As a fitting finalé, the heavens themselves heralded the waning of Persian power when an annular solar eclipse passed across the Sahara a week later- although there is some controversy surrounding its mention as an oracle before the battle.

Aftermath

Following the clash, Xerxes and his army withdrew to Thessaly. The following summer his Persian armies were dealt decisive blows at the Battle of Plataea in Attica and the Battle of Mycale in Ionia, thus ending further military encroachment from the East. An eye-witness to these events, a playwright named Aeschylus, wrote and premiered his tragedy “The Persians” on the invasion in 472 B.C.

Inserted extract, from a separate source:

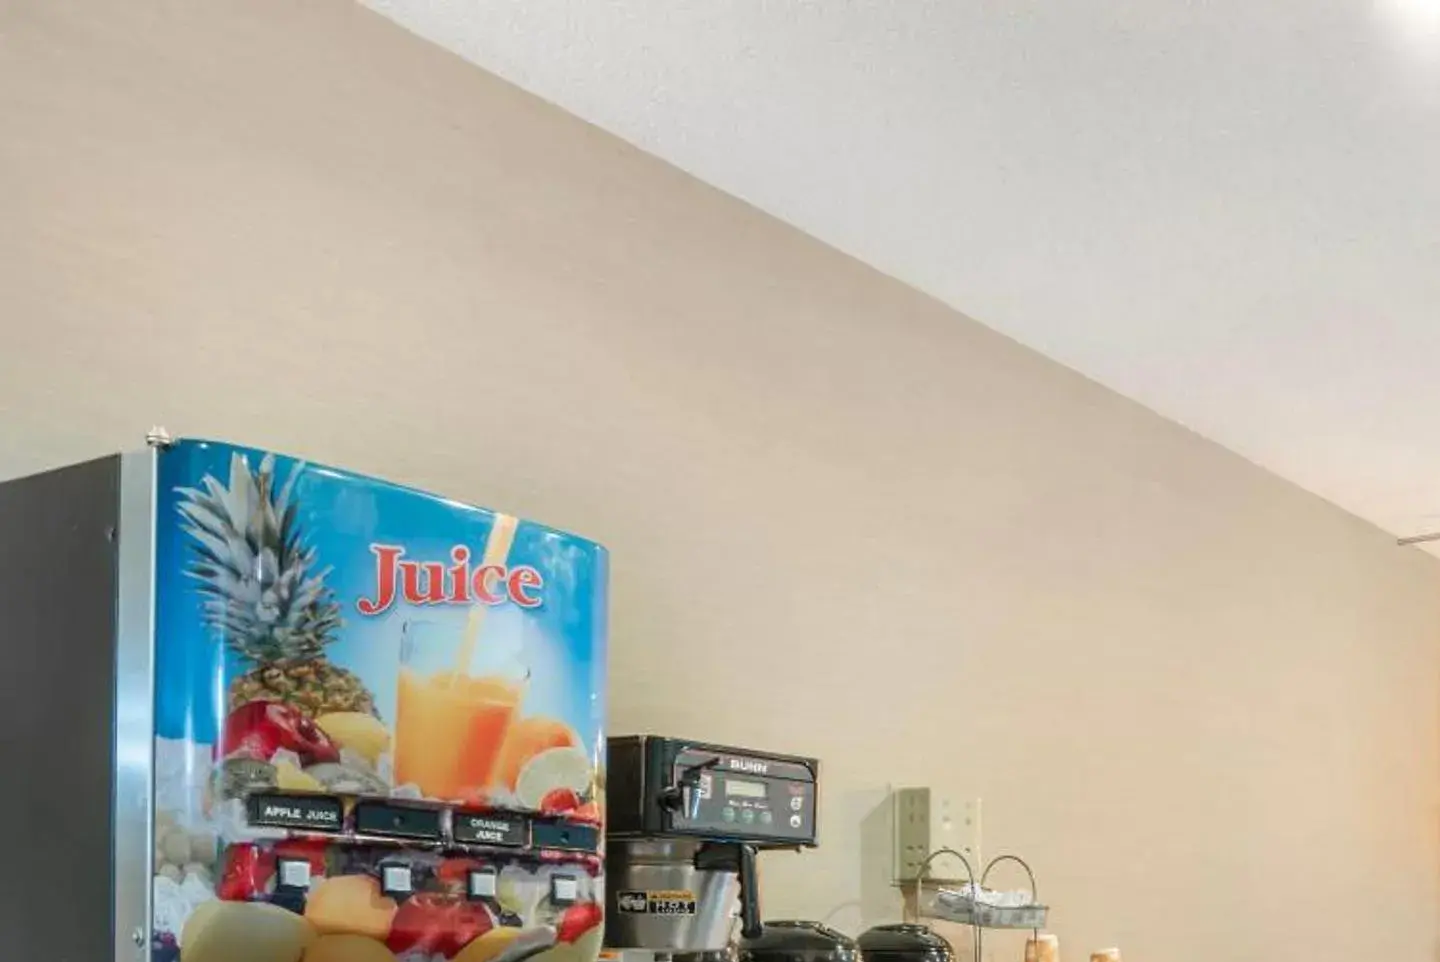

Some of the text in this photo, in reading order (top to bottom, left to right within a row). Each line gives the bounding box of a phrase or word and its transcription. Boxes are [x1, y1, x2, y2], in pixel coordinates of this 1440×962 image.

[357, 543, 543, 615] Juice
[264, 805, 337, 821] APPLE JUICE
[470, 818, 510, 832] ORANGE
[475, 830, 504, 841] JUICE

As an epilogue, Themistocles, whose sage advice helped win the battle at Salamis, was sent into exile by Athens almost a decade after Salamis and was appointed governor of Magnesia in the service of Persian king Artaxerxes I after the assassination of Xerxes. First century Greek historian Plutarch critiqued the character of Themistocles in his Parallel Lives biographical series.

Lessons of Salamis that Echo to Us Today

The Battle of Salamis is still remembered today for many reasons, not the least of which for those of us who cherish our Western heritage, that it contradicts what we might call the Borg ultimatum, that resistance is not Futile. Other lessons that we might absorb from this chapter in history are that a successful defense against a ruthless adversary obligates the defenders to more than wishful thinking.  The Greeks prevailed because of their preparation, strategy, cunning and daring.

Their preparations were not merely in military arms and training, but incorporated avoidance of mass civilian capture by judicious relocation. Their strategy included adoption of a layered and coordinated defense with short supply lines with frequent communication. And their success required exploiting the invader’s cathartic and tactical vulnerabilities, as when Themistocles manipulated the Persians through logic, guile and deception to precipitate the conflict at arms at a time and place of his selection. The Greeks showed their willingness to challenge fate by unifying at a critical moment to cripple their foes.

Much as the inhabitants of Judah fostered an expectation of divine favor after the Assyrians, under Sennacherib, withdrew from Jerusalem more than two centuries earlier, so too the naval contest in the Salamis Straits among hundreds of galleys on that fateful day in 480 B.C. provides a roadmap from which we can gain inspiration for today. It reminds us that we must learn to say No! towards those who would use fear and brute force to demand unworthy domination over our freedoms.